### Data supplied
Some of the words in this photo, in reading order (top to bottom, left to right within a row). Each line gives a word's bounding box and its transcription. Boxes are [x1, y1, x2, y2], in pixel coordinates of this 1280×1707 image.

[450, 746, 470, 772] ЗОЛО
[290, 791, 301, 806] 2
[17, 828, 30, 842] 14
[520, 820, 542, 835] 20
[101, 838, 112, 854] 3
######
### Data supplied
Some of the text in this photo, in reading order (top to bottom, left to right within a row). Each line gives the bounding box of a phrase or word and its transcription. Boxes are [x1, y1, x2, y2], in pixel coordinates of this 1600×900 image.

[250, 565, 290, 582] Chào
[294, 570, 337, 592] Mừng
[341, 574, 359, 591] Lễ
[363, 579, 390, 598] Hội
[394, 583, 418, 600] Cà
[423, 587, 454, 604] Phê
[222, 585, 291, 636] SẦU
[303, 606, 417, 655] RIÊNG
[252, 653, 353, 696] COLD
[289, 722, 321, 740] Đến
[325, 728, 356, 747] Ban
######
### Data supplied
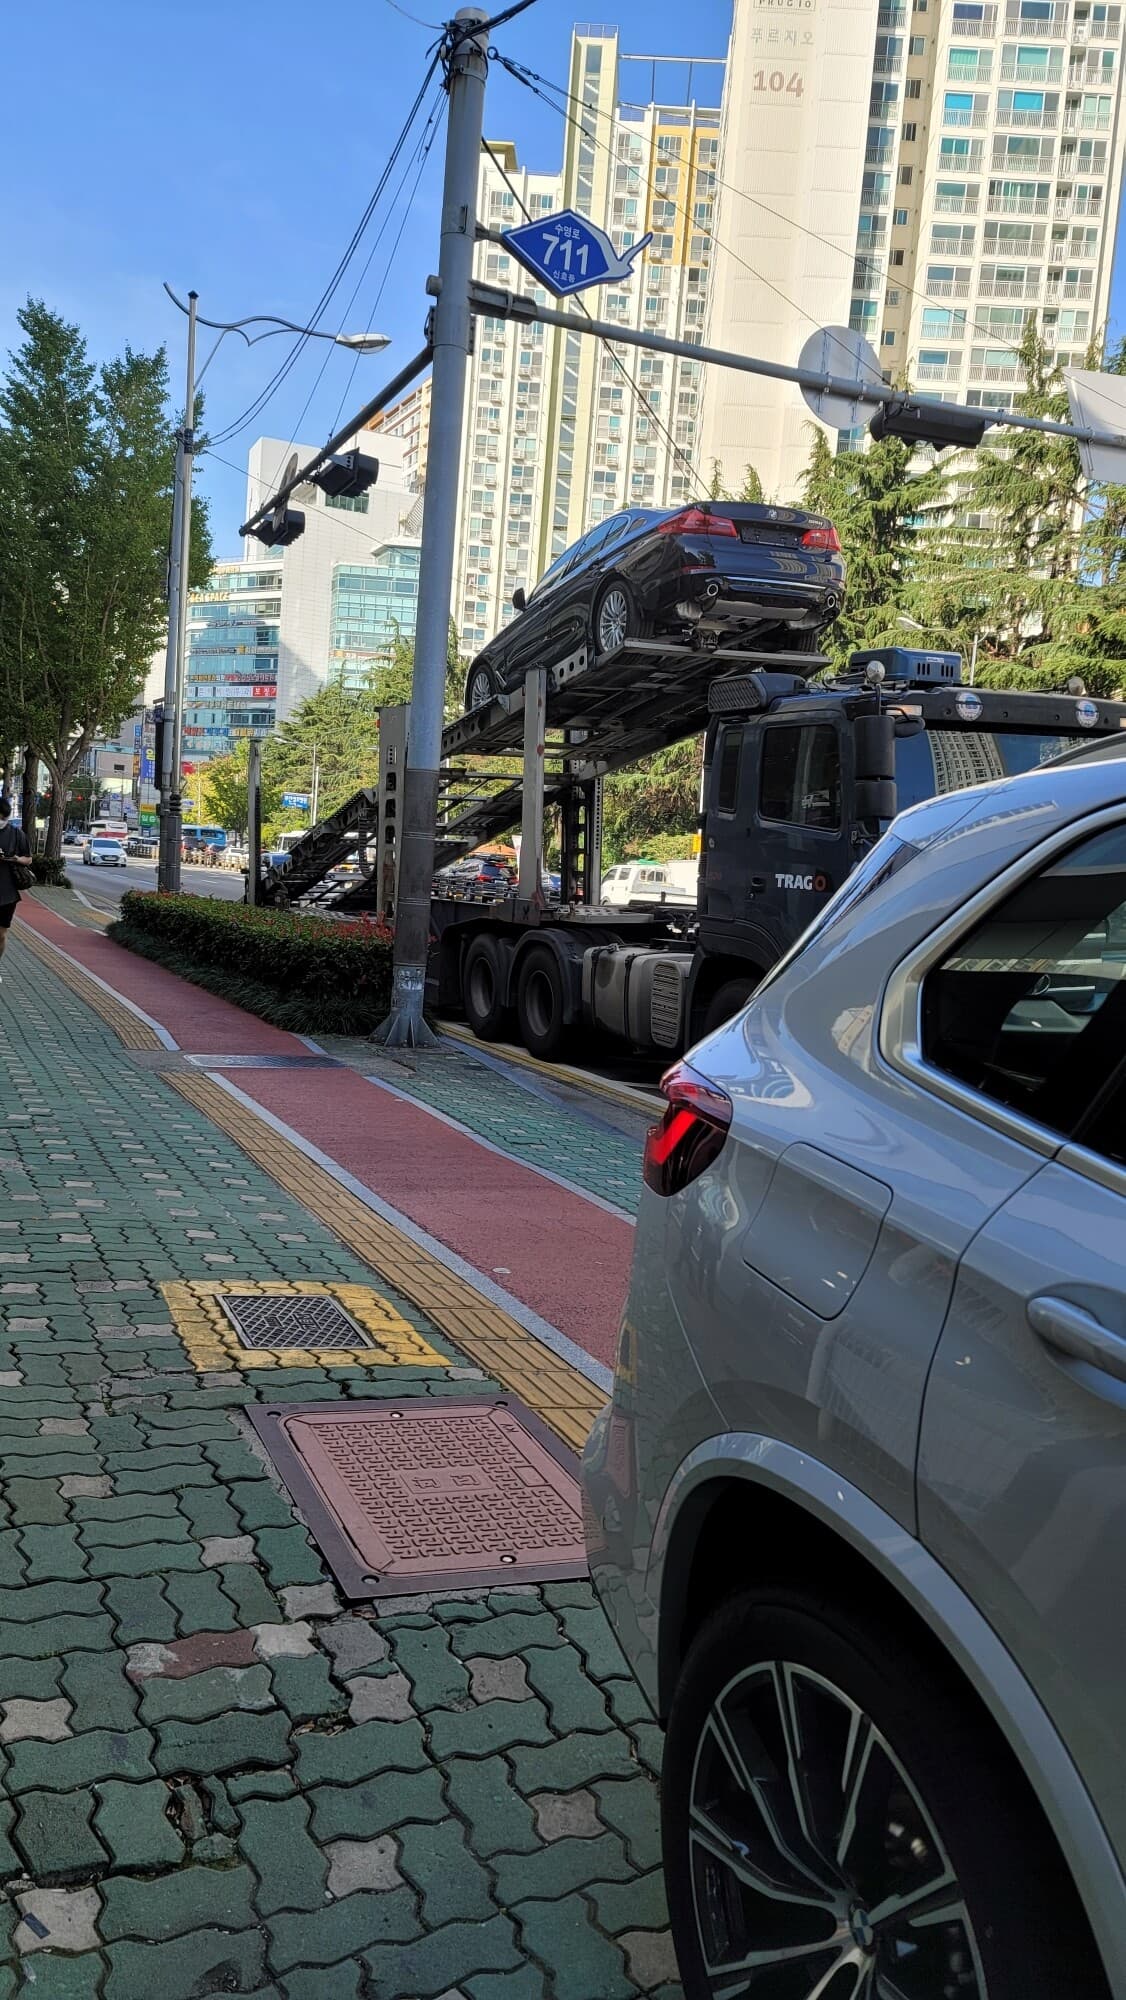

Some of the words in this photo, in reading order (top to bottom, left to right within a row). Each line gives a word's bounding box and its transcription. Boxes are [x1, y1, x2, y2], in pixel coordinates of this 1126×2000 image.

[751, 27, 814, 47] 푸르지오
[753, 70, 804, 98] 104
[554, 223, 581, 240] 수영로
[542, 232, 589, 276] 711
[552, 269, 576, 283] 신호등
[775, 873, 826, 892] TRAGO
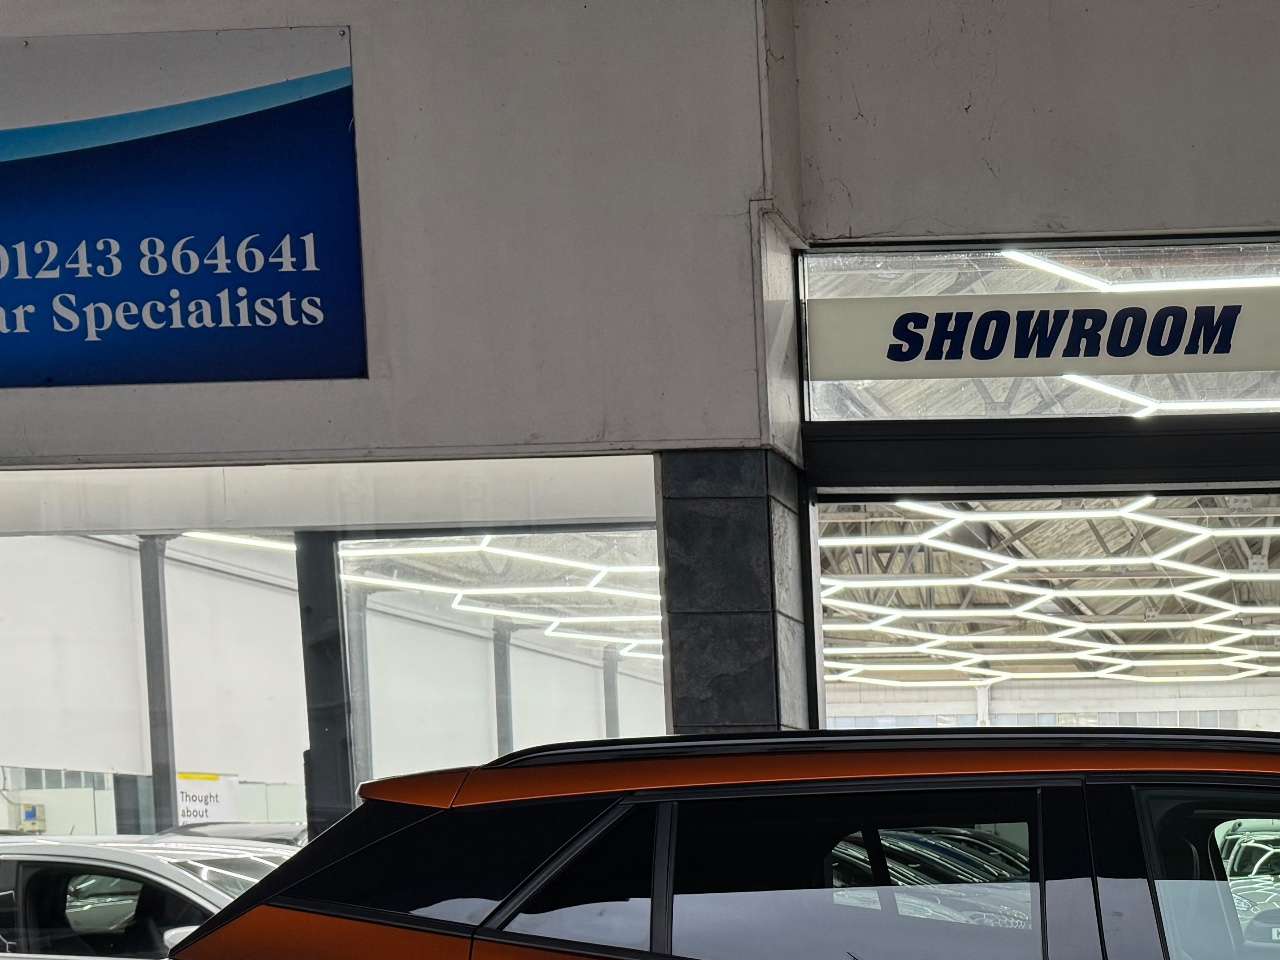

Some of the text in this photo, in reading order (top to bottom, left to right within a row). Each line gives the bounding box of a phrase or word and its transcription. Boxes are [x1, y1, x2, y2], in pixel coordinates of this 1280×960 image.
######
Exercise - Above this task is a listing with pictures in it. Retype only the lines from the one containing "this 1126×2000 image." through the one containing "this 1280×960 image.", both included, and not the pictures.

Answer to this exercise -
Some of the words in this photo, in reading order (top to bottom, left to right within a row). Each line gives a word's bounding box and its transcription. Boxes are [x1, y1, x2, y2], in pixel coordinates of this 1126×2000 image.

[751, 27, 814, 47] 푸르지오
[753, 70, 804, 98] 104
[554, 223, 581, 240] 수영로
[542, 232, 589, 276] 711
[552, 269, 576, 283] 신호등
[775, 873, 826, 892] TRAGO

Some of the text in this photo, in reading order (top to bottom, left to right within a row). Each line gives the bounding box of a phrase or word and its transcription. Boxes are [x1, y1, x2, y2], in pixel coordinates of this 1280×960 image.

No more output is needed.